# How High is Too High to Mow?



## Lawn Ranger (Jul 16, 2017)

I have to apologize. I thought people here were mentally ill when they said they enjoyed mowing, but I've used my garden tractor twice now, and I love it.

Maybe I'm crazy, too.

It must be the riding aspect. Nothing sucks like pushing a mower.

I have a new property with a lot of pasture. There is a little pasture by the house, which I plan to use as an extension of the yard, and there is a bigger pasture which I am hoping to use to grow hay. It's my understanding that I should be able to find someone to make round bales in exchange for a share of the proceeds from selling them.

Anyway, I need to keep a road (ruts in the grass, really) clear in the big pasture, and I decided to knock the grass in the small pasture down to keep it from getting too high for the mower. I wasn't trying to make it pretty. It was over a foot high in places, and I didn't want it to get out of hand. I used the garden tractor for both jobs.

Here is my question: how high is too high for my mower? I have a John Deere 430 with a 60" deck. I want to know how high the grass has to be before I give up and use the bush hog.

Also, how do I get under this thing to check the blades? The previous owner had some sort of ramps.


----------



## dfw_pilot (Jan 28, 2017)

"If you mow your lawn . . . And find a car. . . It's too high."


----------



## ABC123 (Jul 14, 2017)

I mow at 4.5 in the locked position. Mowing frequencys can cause thatch problems so you should try mowing every 4 days unless it's growing slower


----------



## Lawn Ranger (Jul 16, 2017)

Four days?
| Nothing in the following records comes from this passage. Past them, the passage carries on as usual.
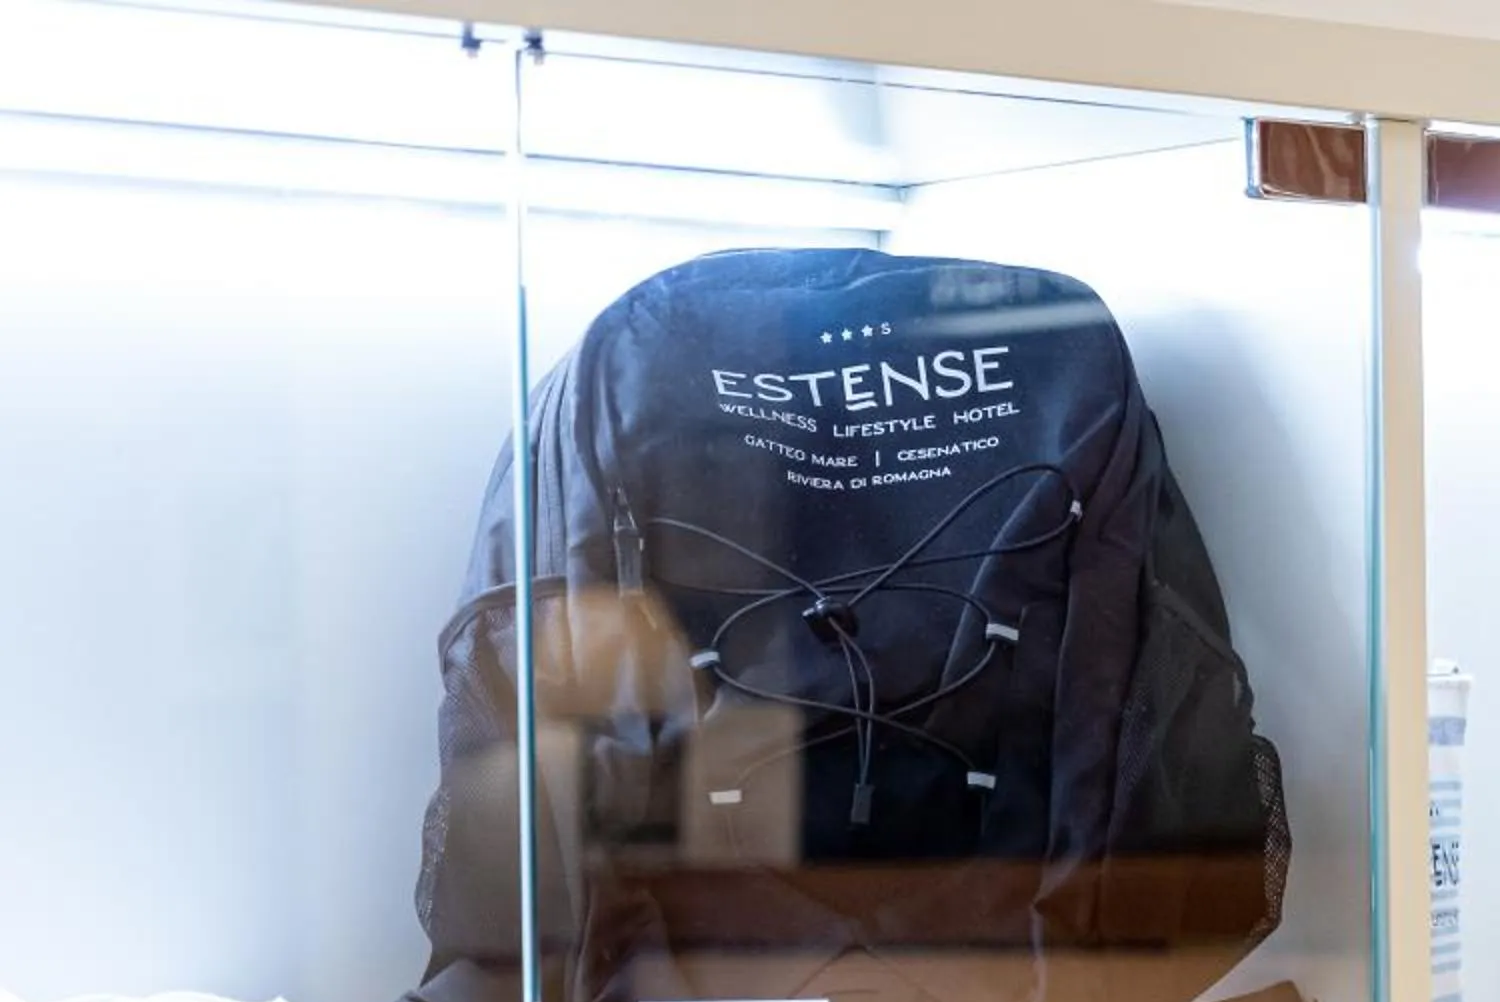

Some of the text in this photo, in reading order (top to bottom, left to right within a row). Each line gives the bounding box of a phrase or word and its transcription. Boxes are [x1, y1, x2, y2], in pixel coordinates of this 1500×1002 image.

[711, 346, 1014, 411] ESTENSE
[719, 401, 1020, 437] WELLNESS LIFESTYLE HOTEL
[744, 434, 805, 461] GATTEO
[811, 453, 858, 467] MARE
[897, 436, 999, 461] CESENATICO
[787, 466, 952, 490] RIVIERA DI ROMAGNA
Seriously?


----------



## Ridgerunner (May 16, 2017)

A visual for reference:


dfw_pilot said:


> Almost time to string trim.
> 
> _Almost._


----------



## Stegs (Aug 29, 2017)

mowing height depends on the lawn. Some lawns of course prefer to be cut on the low side, maybe a inch or less

Some lawns prefer to be cut heigher, maybe closer to 4"
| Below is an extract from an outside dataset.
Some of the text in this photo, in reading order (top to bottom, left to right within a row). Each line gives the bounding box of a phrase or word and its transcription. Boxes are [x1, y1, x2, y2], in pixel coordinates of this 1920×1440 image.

You want the grass to be as long as possible, but still able to maintain a quality cut atleast 1 time a week.

Here in michigan, i mow my lawns in the spring at 3 or 3.25. About middle or end of may, i raise my deck and start cutting at 3.75. This is my sweet spot. The grass still cuts nice, and its long enough to handle the heat, weeds, drought etc.
I will mow here until the end of August (right now)

Right now im doing most of my cutting at 3.5 inches for fall, and i will have it down to 3 or 3.25 by middle october. At that point its plenty low for leaf cleanup.
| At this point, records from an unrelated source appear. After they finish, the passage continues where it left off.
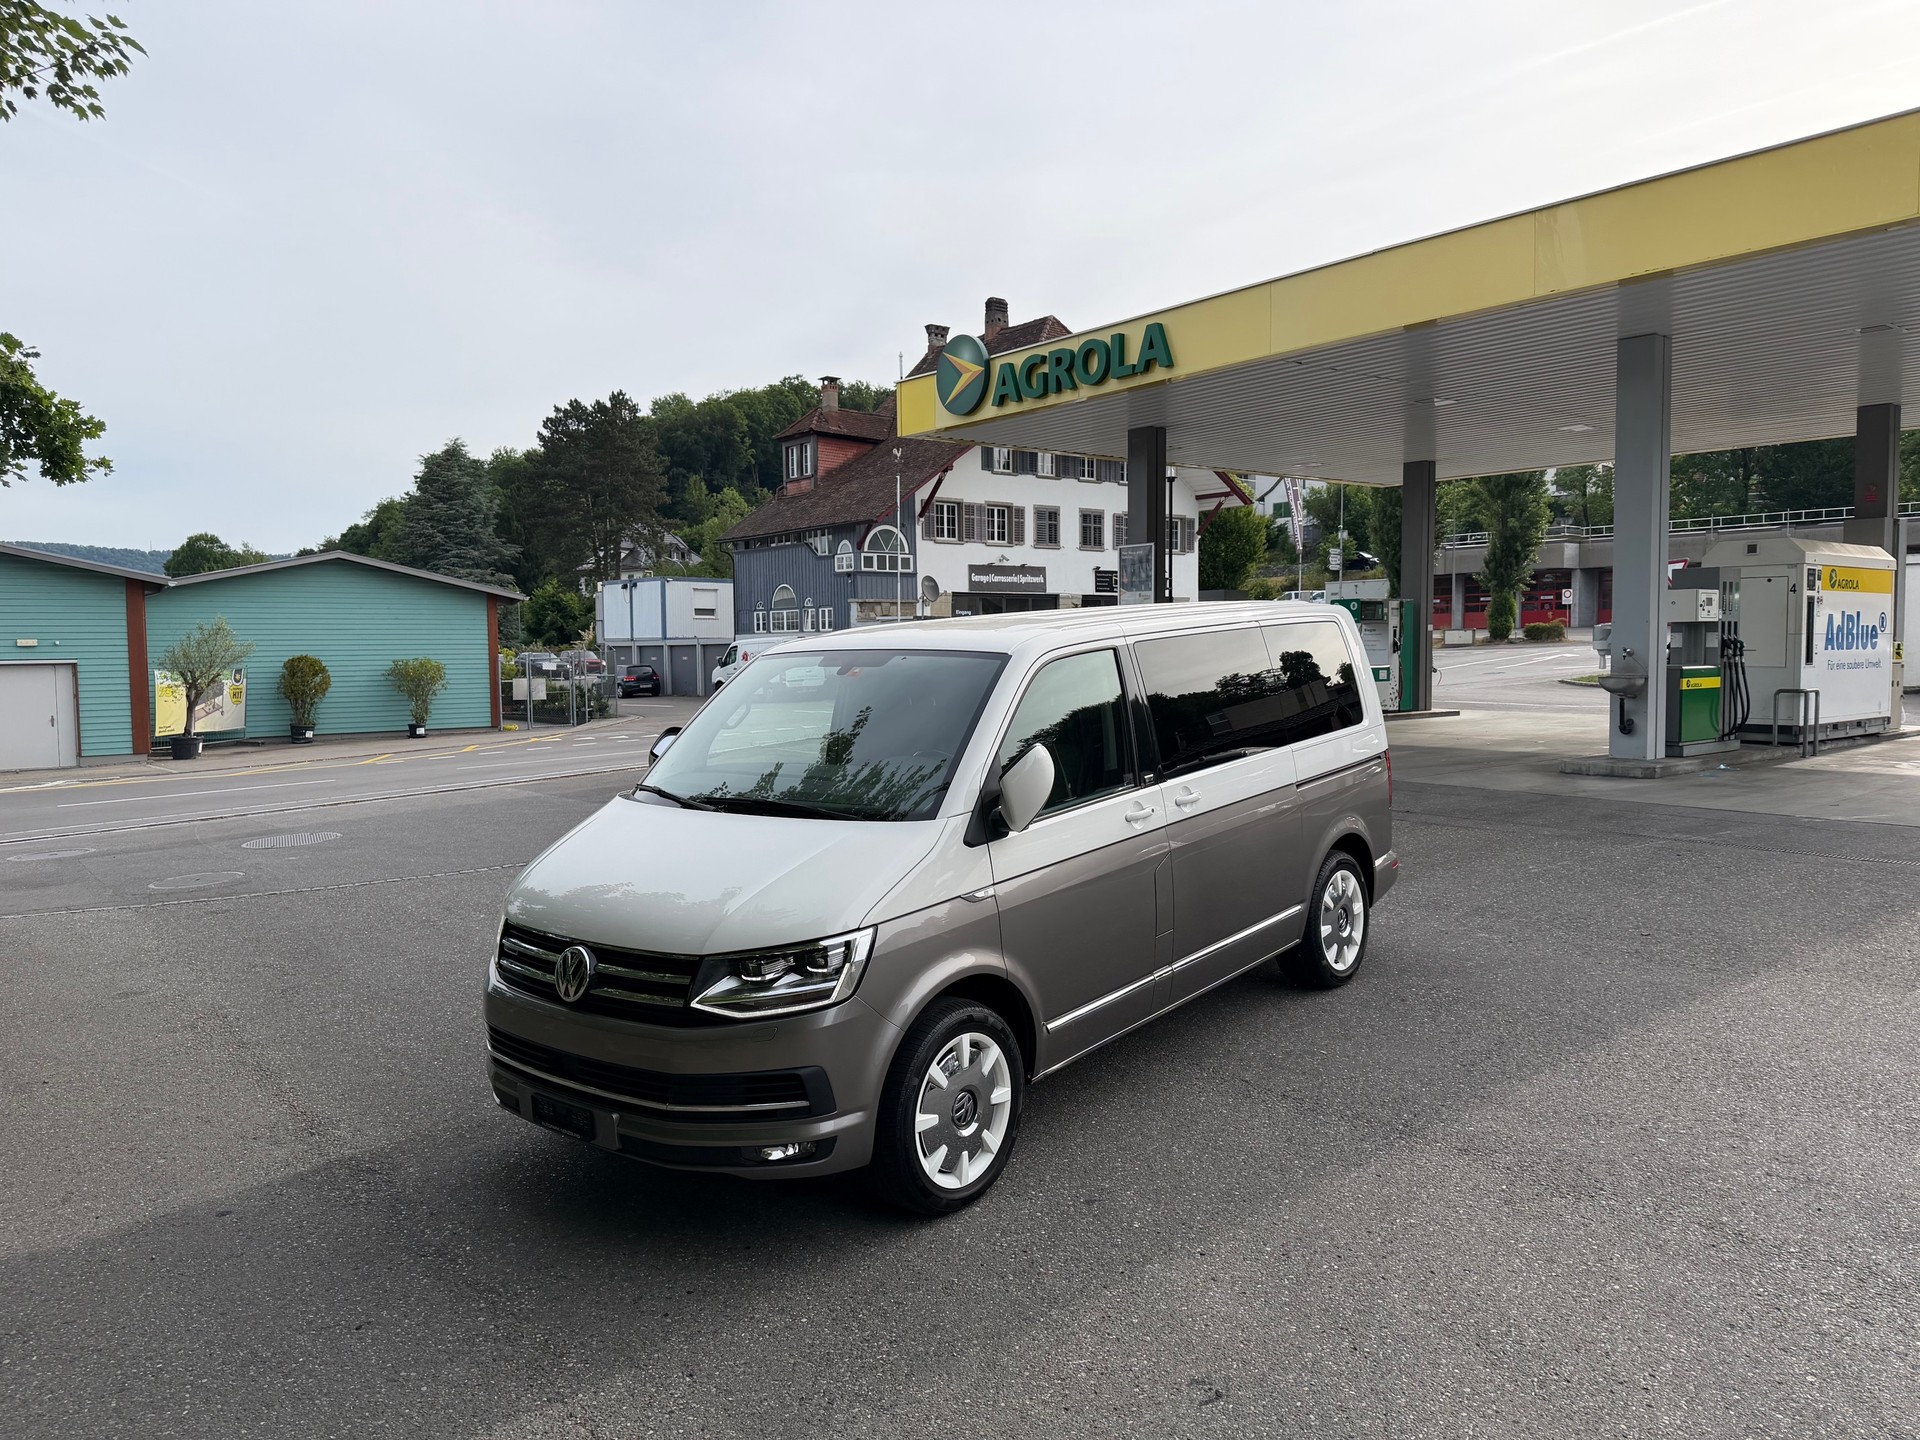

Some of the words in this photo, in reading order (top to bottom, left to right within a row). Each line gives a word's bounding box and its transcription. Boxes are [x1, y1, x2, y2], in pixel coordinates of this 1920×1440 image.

[991, 322, 1174, 407] AGROLA
[1789, 583, 1797, 594] 4
[1836, 578, 1860, 590] AGROLA
[1827, 659, 1835, 671] Für
[1836, 660, 1846, 670] eine
Your lawn will vary. I would suggest mowing as high as you can while still getting a quality cut. At some point you will notice the grass is too long for your mower deck to "stand the grass blades up" Now you know your limit. Try to stay 1/4 inch below that and you will be good (4" is where my lawns dont cut nice, so i mow at 3.75 all summer long here)


----------